#### The task
From first line to last, transcribe the listing exactly and skip any image.

==============================

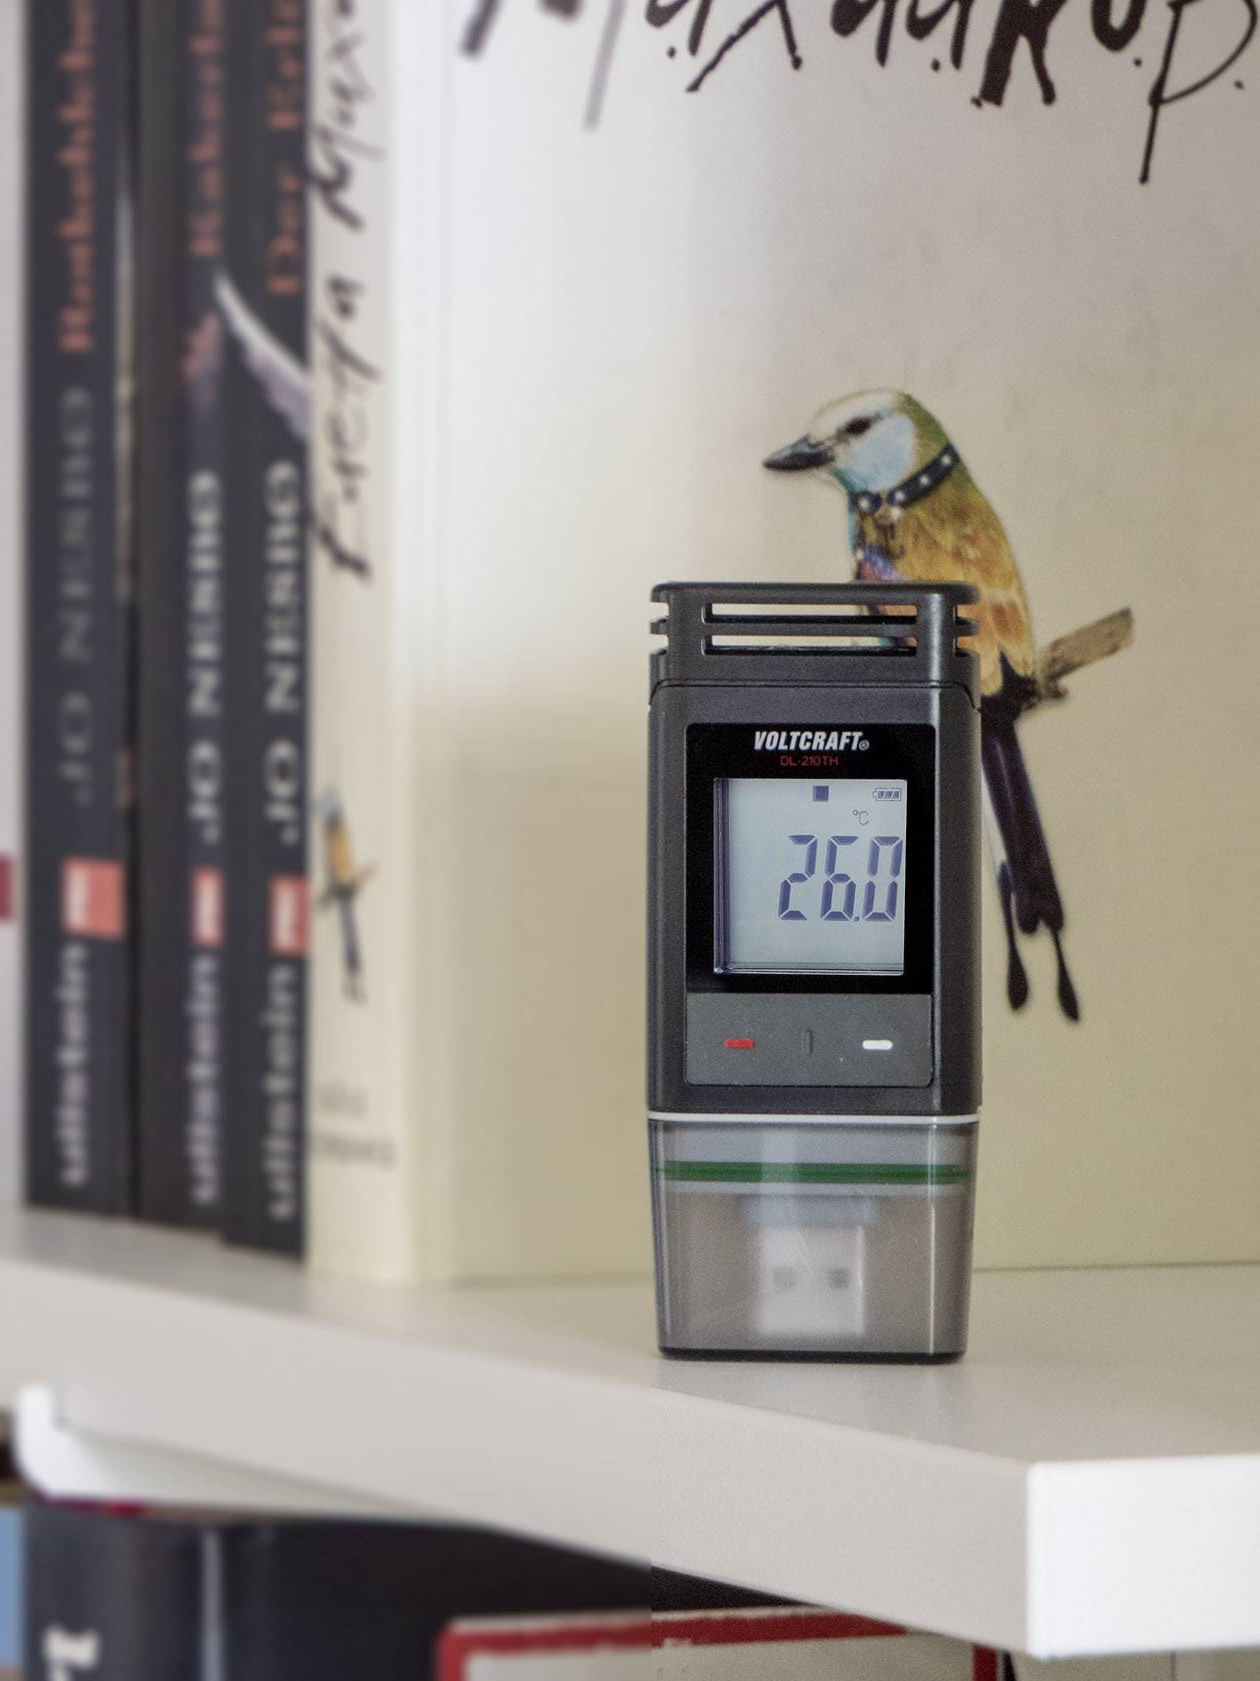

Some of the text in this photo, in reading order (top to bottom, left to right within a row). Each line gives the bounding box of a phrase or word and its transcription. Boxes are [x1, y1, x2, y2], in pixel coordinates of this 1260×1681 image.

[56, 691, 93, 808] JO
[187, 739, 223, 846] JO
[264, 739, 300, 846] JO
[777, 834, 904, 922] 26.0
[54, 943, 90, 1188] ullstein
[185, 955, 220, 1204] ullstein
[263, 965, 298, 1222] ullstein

==============================

#### Written solution
Some of the text in this photo, in reading order (top to bottom, left to right within a row). Each line gives the bounding box of a phrase or word and its transcription. Boxes are [x1, y1, x2, y2], in pixel coordinates of this 1260×1681 image.

[56, 691, 93, 808] JO
[187, 739, 223, 846] JO
[264, 739, 300, 846] JO
[777, 834, 904, 922] 26.0
[54, 943, 90, 1188] ullstein
[185, 955, 220, 1204] ullstein
[263, 965, 298, 1222] ullstein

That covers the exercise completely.